Ma che tempo è quello attuale?
È un’età di inquietudine, di forte preoccupazione. Che può apparire come indifferenza, con i cittadini oramai convinti che non esista altra possibilità che rassegnarsi. Eppure nella società hanno corpo decine e decine di iniziative magari minuscole e appartate, ma sono cellule attive, orecchie pronte ad ascoltare e a muoversi. Quando si connetteranno, se si connetteranno, scopriremo un’Italia diversa da quella che noi oggi raccontiamo.
Lei è fiducioso.
Sono un po’più ottimista di lei ma non è l’ottimismo o il pessimismo che contano in questa situazione.
Quindi se dovesse pronosticare?
Vedo questo nostro presente troppo simile alla situazione dopo il crash del 1929 e troppe sono le vicende che conducono all’affermazione di una destra estremista e razzista. Sarebbe catastrofico ma resta (e qui di mezzo c’è l’Europa) uno sbocco più che plausibile. Però queste comparazioni hanno valore se si mettono sul piatto della bilancia non solo le somiglianze ma anche le differenze.
Però voi intellettuali non siete riusciti, al tempo di Berlusconi, nemmeno a dare corso a un progetto politico.

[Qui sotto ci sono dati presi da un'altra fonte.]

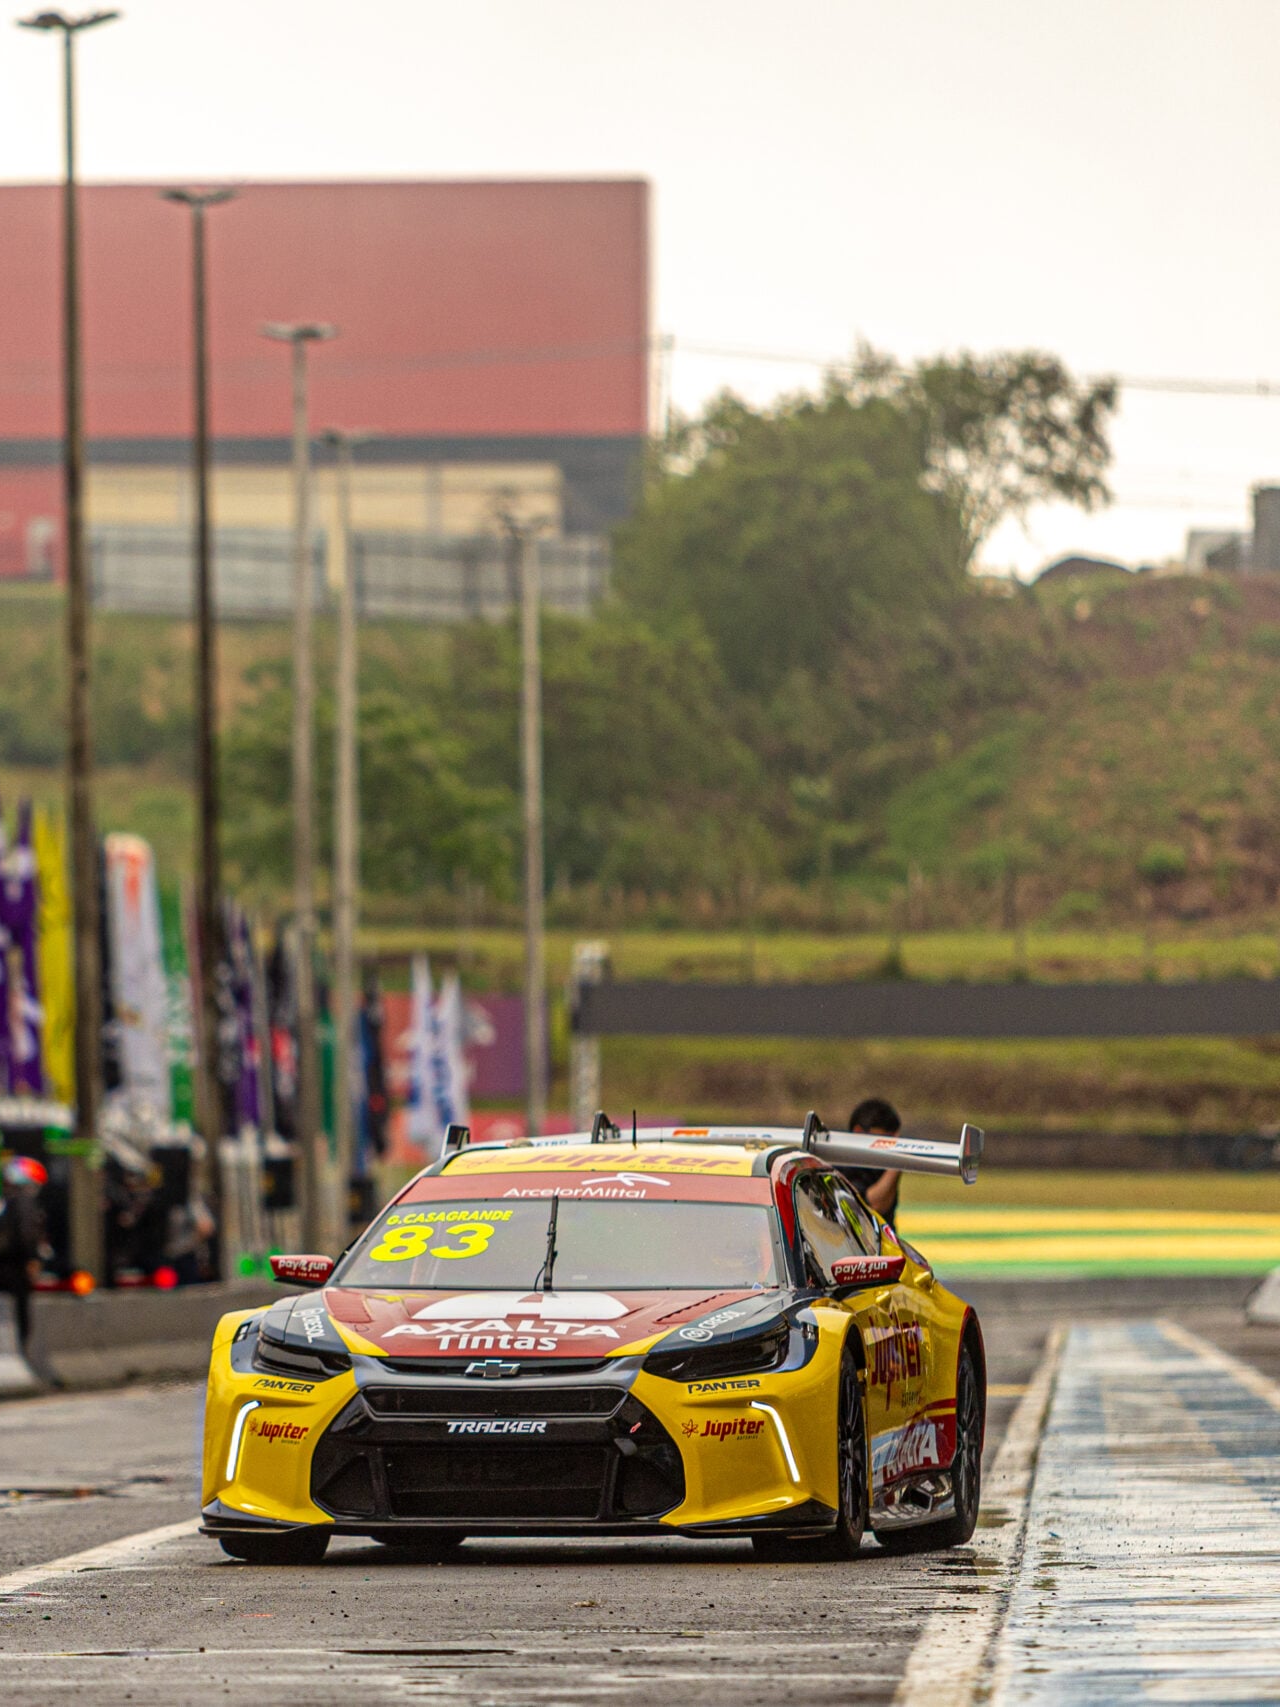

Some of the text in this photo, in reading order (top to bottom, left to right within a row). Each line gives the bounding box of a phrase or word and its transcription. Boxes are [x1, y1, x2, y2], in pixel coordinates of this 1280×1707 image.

[503, 1187, 646, 1199] ArcelorMittal
[387, 1210, 513, 1225] G.CASAGRANDE
[370, 1223, 495, 1262] 83
[381, 1320, 621, 1339] AXALTA
[436, 1334, 558, 1351] Tintas
[253, 1379, 315, 1393] PANTER
[687, 1379, 761, 1394] PANTER
[447, 1421, 547, 1433] TRACKER
[700, 1418, 765, 1442] Júpiter

Si chiamava Alba il vostro movimento. È tramontato lo stesso giorno.
Non accetto questo giudizio. Certamente molti progetti, con o senza professori, sono falliti in questi anni. Ma il manifesto di Alba rimane uno dei documenti più originali e utili. Mi lasci però dire che promuovere l’idea di una democrazia partecipativa sia un tantino più faticoso, complicato. E la complicazione si fa doppia se bisogna gareggiare ad armi impari. I partiti con i loro apparati, le piazze, i soldi e noi a mani nude, per di più sprovveduti tecnicamente.

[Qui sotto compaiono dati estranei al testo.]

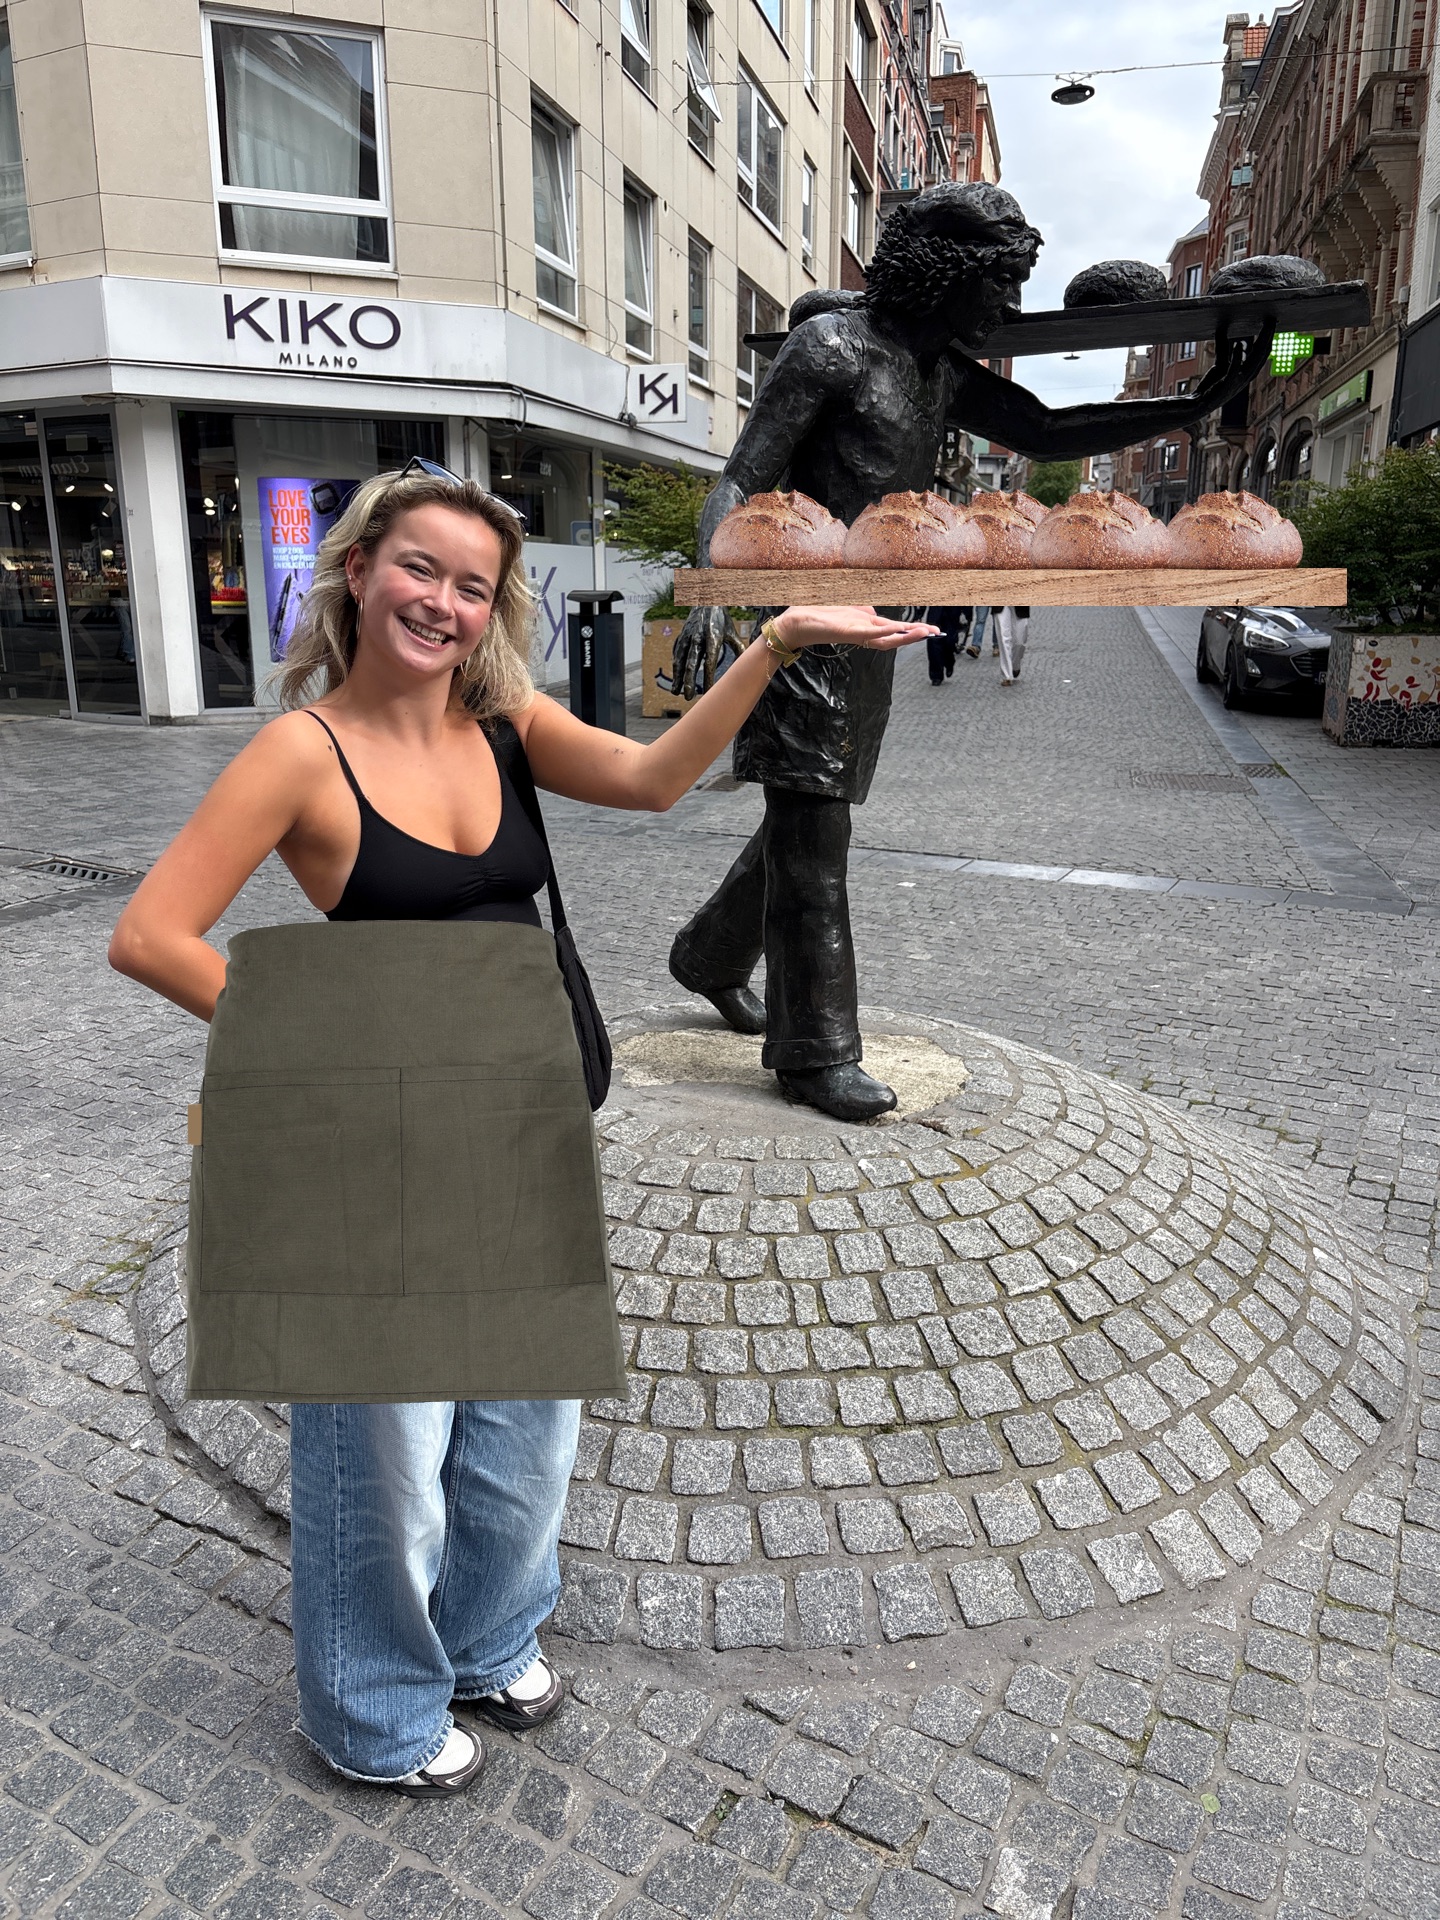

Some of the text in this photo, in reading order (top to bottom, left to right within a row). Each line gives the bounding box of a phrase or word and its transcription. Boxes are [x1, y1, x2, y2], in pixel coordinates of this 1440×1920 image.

[223, 293, 401, 350] KIKO
[278, 352, 358, 369] MILANO
[268, 489, 306, 508] LOVE
[270, 508, 311, 526] YOUR
[271, 527, 310, 545] EYES
[583, 640, 592, 668] leuven

Anche Beppe Grillo era fuori del sistema eppure ha agganciato un popolo. Non la fa riflettere? Non le consiglia una analisi più profonda: cosa dicevate e come? Le vostre parevano parole piene di polvere, distanti. Quelle del comico si ficcavano dentro la pancia degli italiani.
Mi sembra un commento un po’ fuorviante e populista. Il rinnovo della società italiana ha bisogno di tutte e due le cose: passione e riflessione. E poi anche Grillo disponeva di qualche soldo. Certo, nulla da paragonare a quelli berlusconiani, ma molti di più rispetto alle nostre tasche. Naturalmente il suo successo è dovuto ad altro. Non ultimo quello di aver costruito un partito che lui solo guidava, gestiva, disponeva.
Un movimento antidemocratico? Beh, la democrazia è qualcosa in più di una figura carismatica. Nel deserto italiano quel movimento ha comunque costituito una novità.
Non discuto. Quello stesso deserto ha aiutato Matteo Renzi a costruire, in un tempo davvero breve, il suo partito personale. I suoi amici sono divenuti ministri, la sua famiglia politica stretta edifica il nuovo potere. Ora siamo nientemeno che al cambiamento della Costituzione in una manomissione così grave che il dovere di tutti è quello di dirgli no. Anzi, di gridarglielo forte quel no. Non si aspettava tanta velocità.
La storia stupisce sempre.
Ma non abbia una visione statica della realtà e delle persone. Che oggi – è vero – paiono rassegnate e indifferenti, ma l’identità di ognuno di noi è più complessa di quel che si crede. Può persino accadere che la realtà ci sorprenda di nuovo. Però niente sfera magica per piacere!